→ **Activity**
Treat the line containing "Some of the text" as the first line of the answer and the last line of the data as its final line, reproducing every line between exactly.

---------- Exercise material ----------

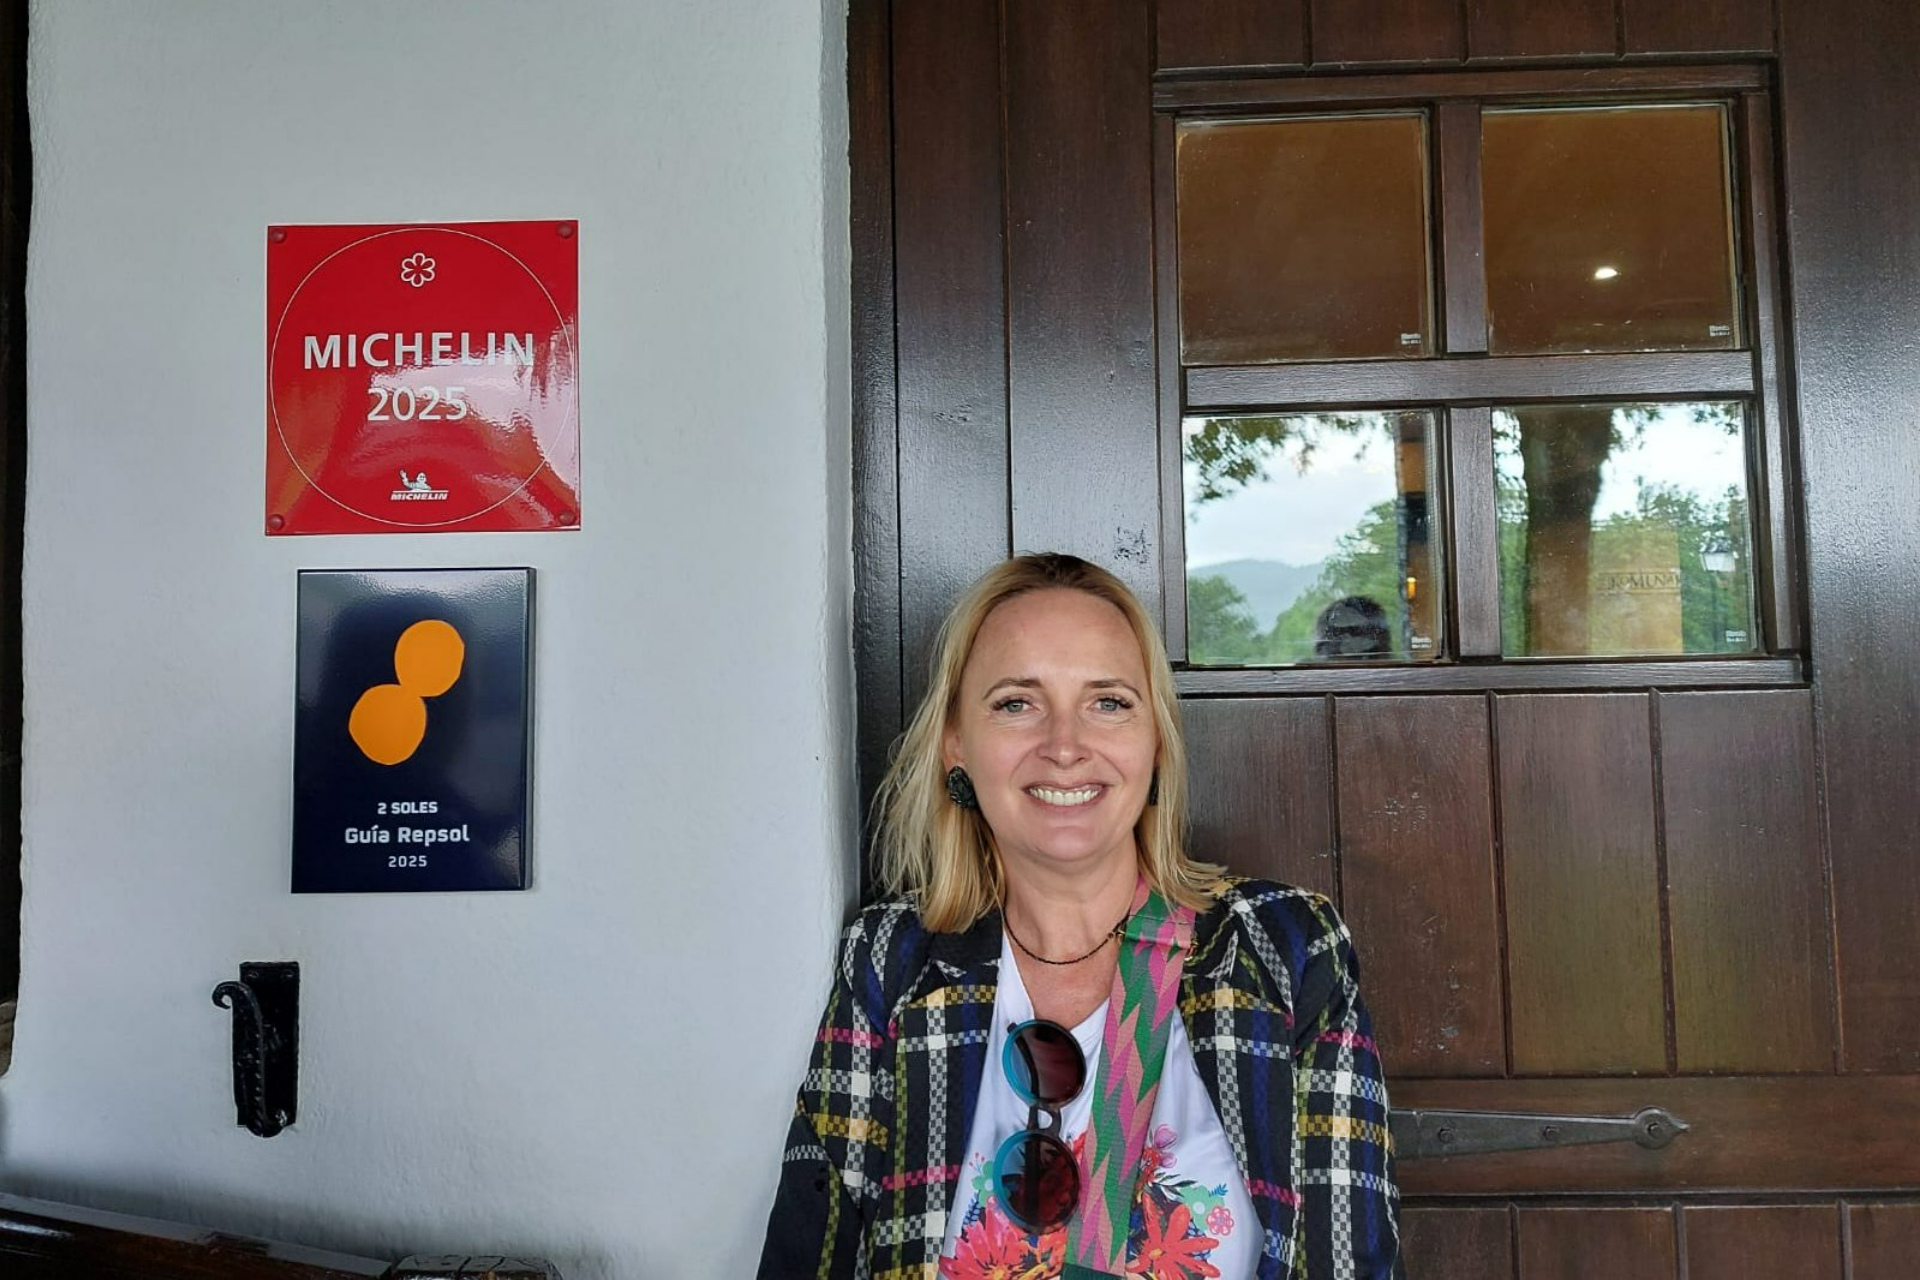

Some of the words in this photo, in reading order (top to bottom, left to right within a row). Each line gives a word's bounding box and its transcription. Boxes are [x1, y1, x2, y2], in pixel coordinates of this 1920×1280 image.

[303, 332, 534, 370] MICHELIN
[367, 385, 468, 422] 2025
[390, 492, 449, 501] MICHELIN
[377, 802, 387, 815] 2
[391, 801, 439, 814] SOLES
[344, 824, 390, 844] Guía
[398, 824, 470, 847] Repsol
[388, 855, 428, 868] 2025
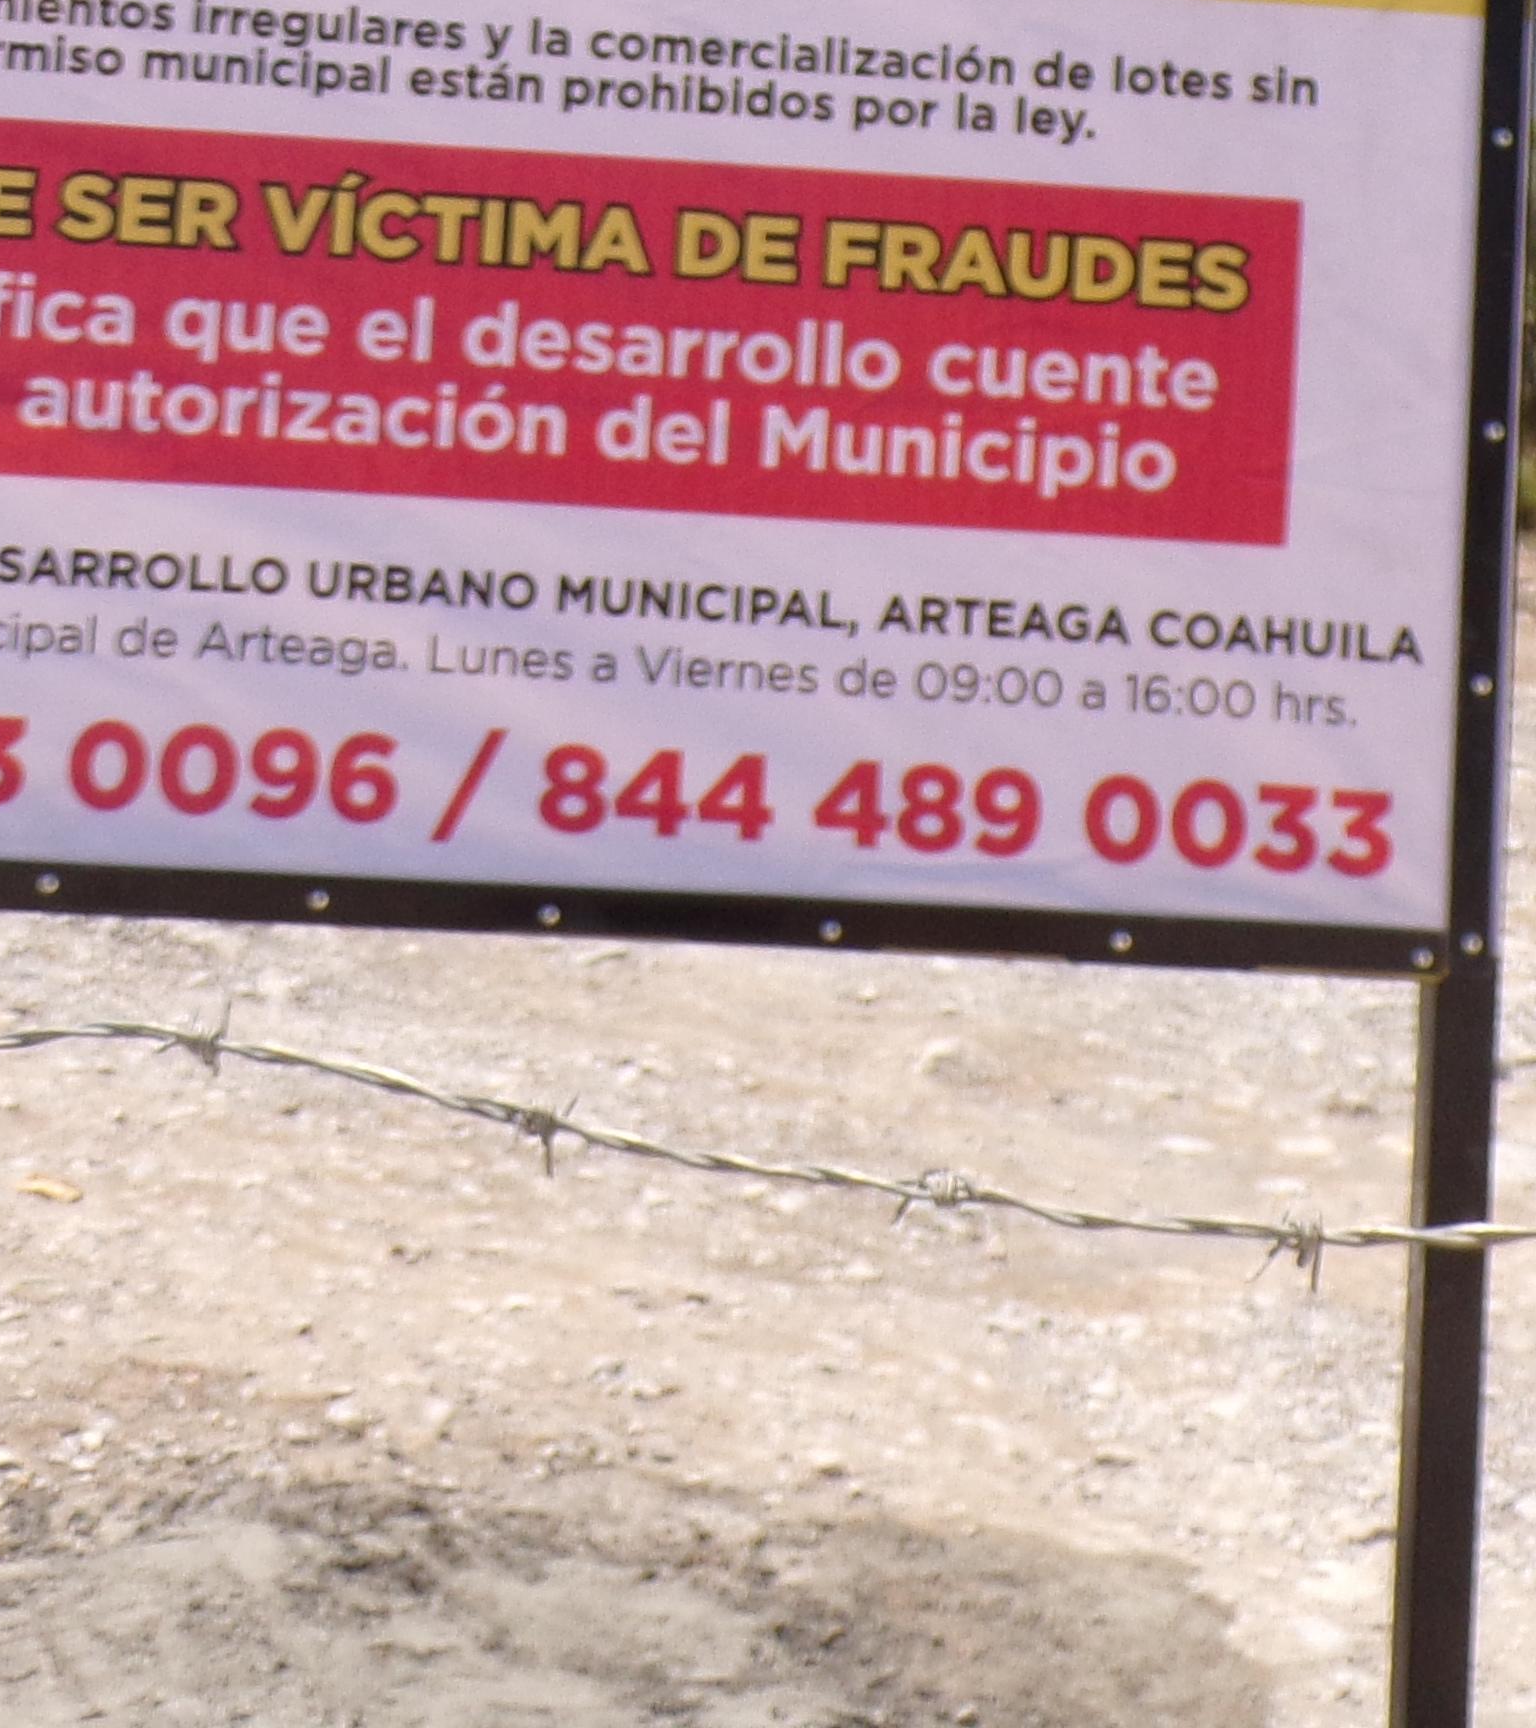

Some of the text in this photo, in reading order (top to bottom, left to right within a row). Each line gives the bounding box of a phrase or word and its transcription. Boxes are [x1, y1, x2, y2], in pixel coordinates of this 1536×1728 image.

[141, 45, 392, 99] municipal
[407, 61, 546, 105] están
[560, 70, 836, 123] prohibidos
[850, 94, 941, 133] por
[954, 90, 998, 134] la
[1014, 94, 1097, 147] ley.
[483, 22, 513, 62] y
[528, 15, 573, 59] la
[587, 29, 1017, 87] comercialización
[1031, 49, 1097, 92] de
[1112, 54, 1234, 102] lotes
[1249, 64, 1319, 108] sin
[56, 173, 239, 248] SER
[263, 172, 650, 275] VÍCTIMA
[674, 210, 801, 284] DE
[823, 220, 1249, 311] FRAUDES
[163, 296, 331, 365] que
[355, 294, 437, 365] el
[459, 298, 903, 393] desarrollo
[925, 342, 1220, 413] cuente
[15, 369, 569, 458] autorización
[593, 392, 732, 467] del
[757, 403, 1179, 501] Municipio
[306, 559, 540, 612] URBANO
[555, 573, 860, 640] MUNICIPAL,
[876, 593, 1132, 647] ARTEAGA
[1147, 608, 1424, 667] COAHUILA
[111, 614, 180, 661] de
[192, 619, 410, 679] Arteaga.
[425, 632, 576, 684] Lunes
[587, 651, 620, 686] a
[633, 643, 820, 697] Viernes
[832, 653, 899, 701] de
[910, 659, 1066, 711] 09:00
[1076, 677, 1108, 713] a
[1123, 670, 1258, 722] 16:00
[1270, 679, 1358, 730] hrs.
[67, 719, 400, 826] 0096
[429, 727, 508, 845] /
[536, 743, 775, 844] 844
[811, 759, 1044, 860] 489
[1082, 773, 1395, 881] 0033

----------

→ **Exercise solution**
Some of the text in this photo, in reading order (top to bottom, left to right within a row). Each line gives the bounding box of a phrase or word and its transcription. Boxes are [x1, y1, x2, y2], in pixel coordinates of this 1536×1728 image.

[141, 45, 392, 99] municipal
[407, 61, 546, 105] están
[560, 70, 836, 123] prohibidos
[850, 94, 941, 133] por
[954, 90, 998, 134] la
[1014, 94, 1097, 147] ley.
[483, 22, 513, 62] y
[528, 15, 573, 59] la
[587, 29, 1017, 87] comercialización
[1031, 49, 1097, 92] de
[1112, 54, 1234, 102] lotes
[1249, 64, 1319, 108] sin
[56, 173, 239, 248] SER
[263, 172, 650, 275] VÍCTIMA
[674, 210, 801, 284] DE
[823, 220, 1249, 311] FRAUDES
[163, 296, 331, 365] que
[355, 294, 437, 365] el
[459, 298, 903, 393] desarrollo
[925, 342, 1220, 413] cuente
[15, 369, 569, 458] autorización
[593, 392, 732, 467] del
[757, 403, 1179, 501] Municipio
[306, 559, 540, 612] URBANO
[555, 573, 860, 640] MUNICIPAL,
[876, 593, 1132, 647] ARTEAGA
[1147, 608, 1424, 667] COAHUILA
[111, 614, 180, 661] de
[192, 619, 410, 679] Arteaga.
[425, 632, 576, 684] Lunes
[587, 651, 620, 686] a
[633, 643, 820, 697] Viernes
[832, 653, 899, 701] de
[910, 659, 1066, 711] 09:00
[1076, 677, 1108, 713] a
[1123, 670, 1258, 722] 16:00
[1270, 679, 1358, 730] hrs.
[67, 719, 400, 826] 0096
[429, 727, 508, 845] /
[536, 743, 775, 844] 844
[811, 759, 1044, 860] 489
[1082, 773, 1395, 881] 0033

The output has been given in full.